> **EXERCISE DETAILS**
Every record below is to be retyped exactly, with the pictures left out.

> **PROVIDED RECORDS**
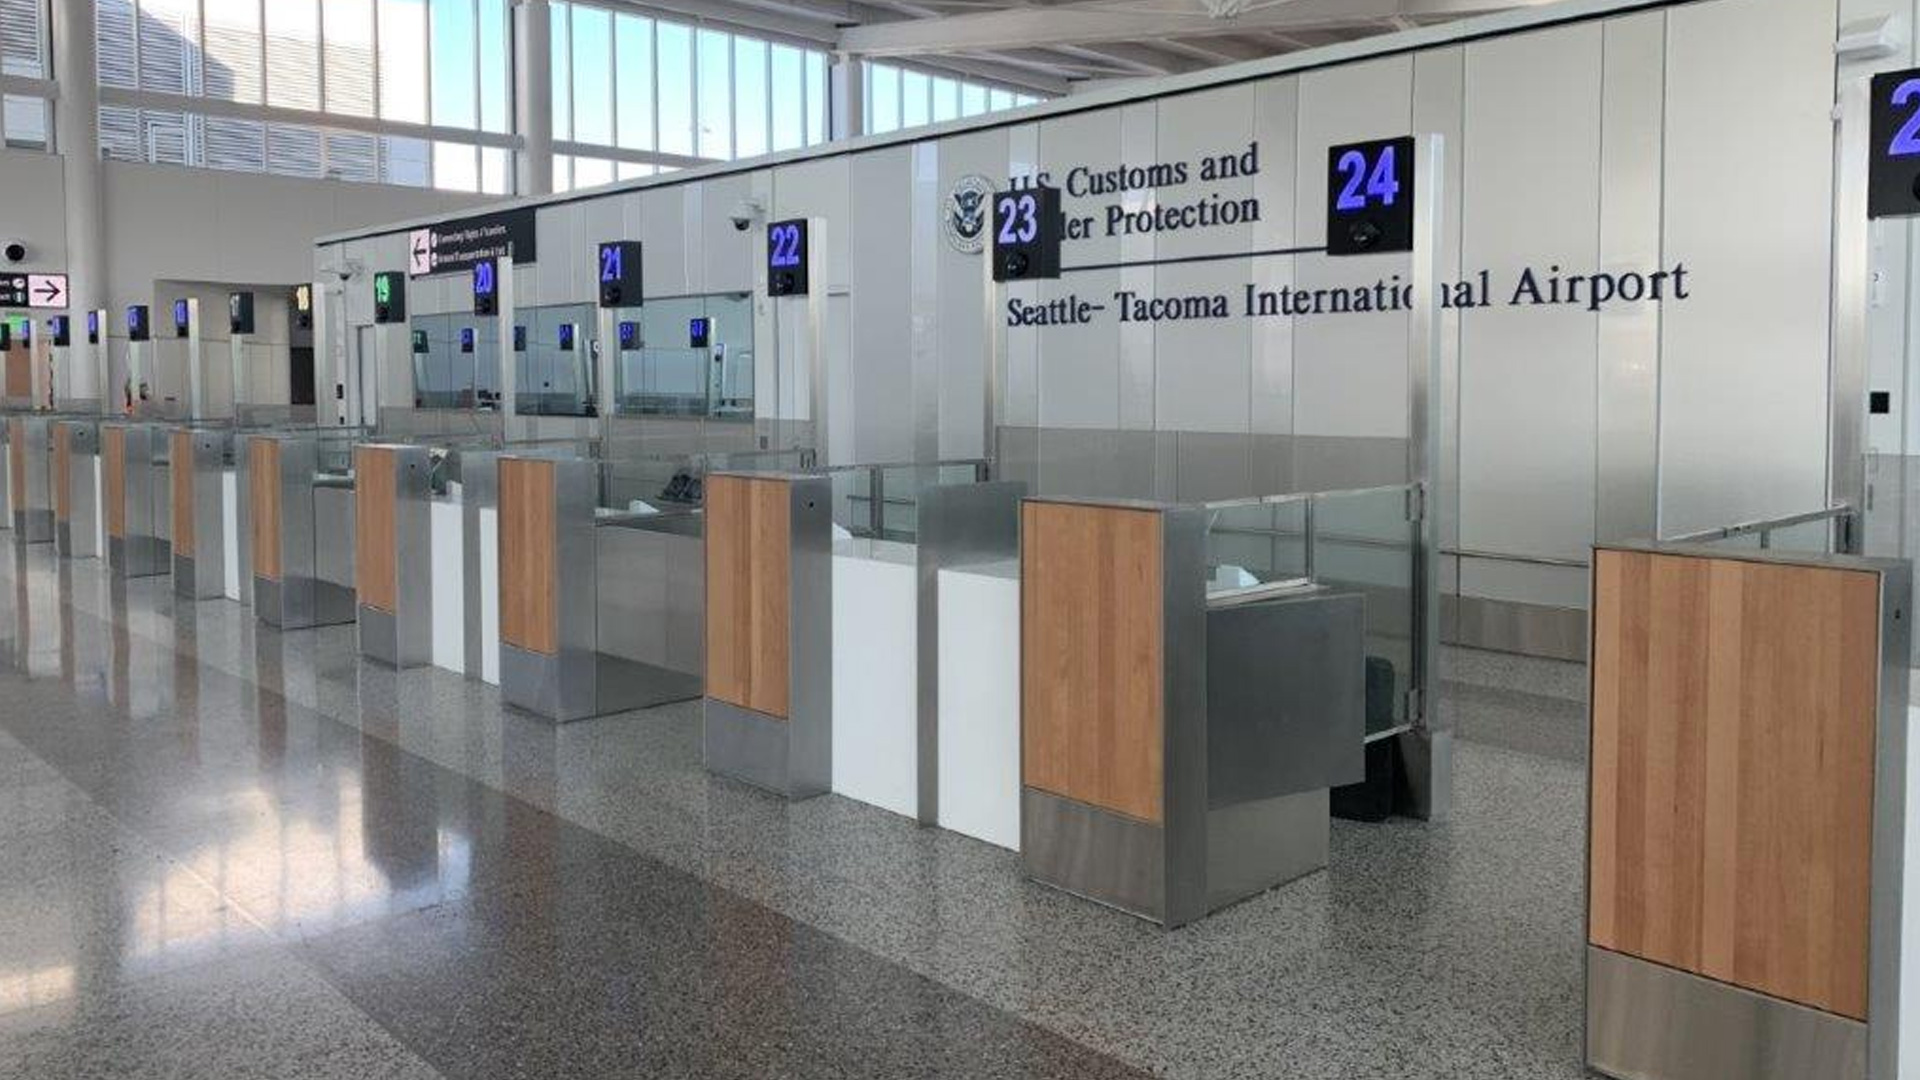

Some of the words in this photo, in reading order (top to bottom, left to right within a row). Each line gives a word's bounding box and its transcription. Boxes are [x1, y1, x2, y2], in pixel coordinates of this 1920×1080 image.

[1067, 162, 1187, 198] Customs
[1201, 142, 1259, 181] and
[1337, 146, 1400, 210] 24
[998, 195, 1037, 244] 23
[1106, 191, 1259, 236] Protection
[602, 247, 622, 280] 21
[770, 225, 800, 266] 22
[376, 274, 389, 303] 19
[474, 262, 492, 294] 20
[1007, 297, 1104, 326] Seattle-
[1116, 292, 1229, 322] Tacoma
[1509, 262, 1690, 311] Airport

> **RESULT**
Some of the words in this photo, in reading order (top to bottom, left to right within a row). Each line gives a word's bounding box and its transcription. Boxes are [x1, y1, x2, y2], in pixel coordinates of this 1920×1080 image.

[1067, 162, 1187, 198] Customs
[1201, 142, 1259, 181] and
[1337, 146, 1400, 210] 24
[998, 195, 1037, 244] 23
[1106, 191, 1259, 236] Protection
[602, 247, 622, 280] 21
[770, 225, 800, 266] 22
[376, 274, 389, 303] 19
[474, 262, 492, 294] 20
[1007, 297, 1104, 326] Seattle-
[1116, 292, 1229, 322] Tacoma
[1509, 262, 1690, 311] Airport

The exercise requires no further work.